**Problem statement**. Print the entries underneath word for word, omitting whatever pictures they contain.

**Images for object localization**.
○ ○ ○ ○

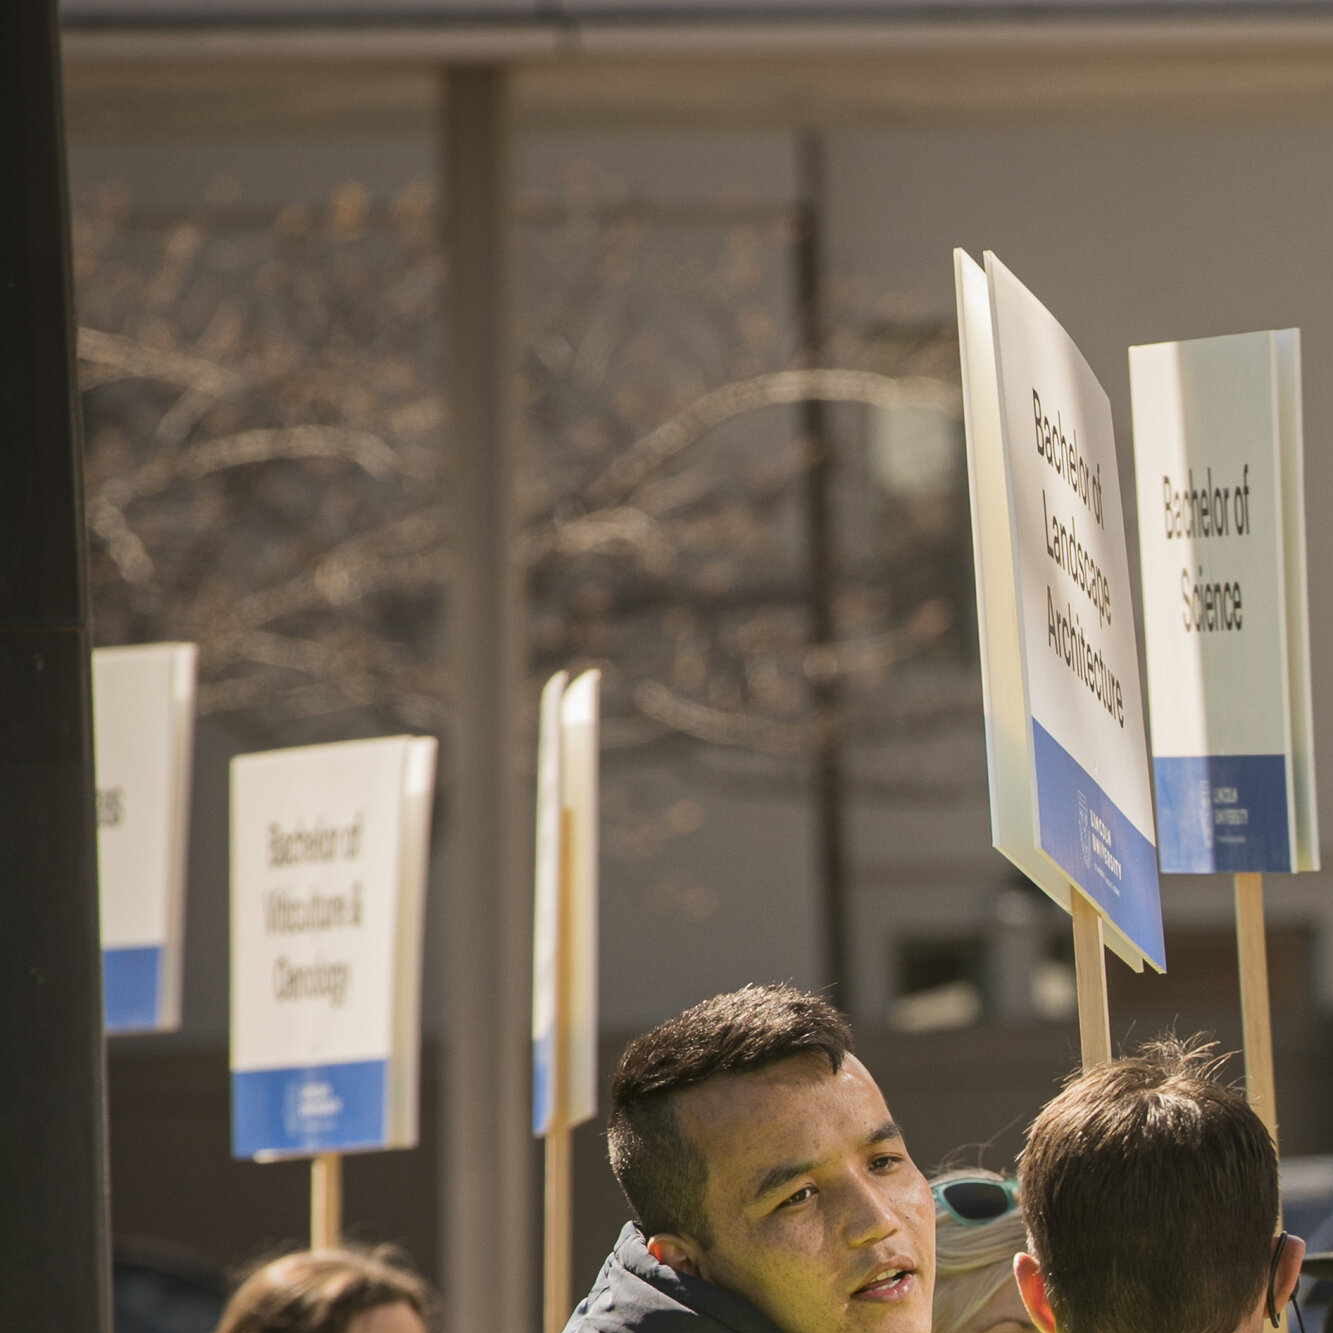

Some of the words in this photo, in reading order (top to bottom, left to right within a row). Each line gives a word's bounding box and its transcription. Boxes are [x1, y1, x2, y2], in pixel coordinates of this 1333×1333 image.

[1032, 387, 1090, 512] Bachelor
[1092, 463, 1104, 531] of
[1163, 467, 1229, 540] Bachelor
[1234, 463, 1250, 537] of
[1042, 488, 1112, 629] Landscape
[1181, 564, 1243, 633] Science
[1047, 584, 1124, 729] Architecture

○ ○ ○ ○

**Solution to this task**.
Some of the words in this photo, in reading order (top to bottom, left to right within a row). Each line gives a word's bounding box and its transcription. Boxes are [x1, y1, x2, y2], in pixel coordinates of this 1333×1333 image.

[1032, 387, 1090, 512] Bachelor
[1092, 463, 1104, 531] of
[1163, 467, 1229, 540] Bachelor
[1234, 463, 1250, 537] of
[1042, 488, 1112, 629] Landscape
[1181, 564, 1243, 633] Science
[1047, 584, 1124, 729] Architecture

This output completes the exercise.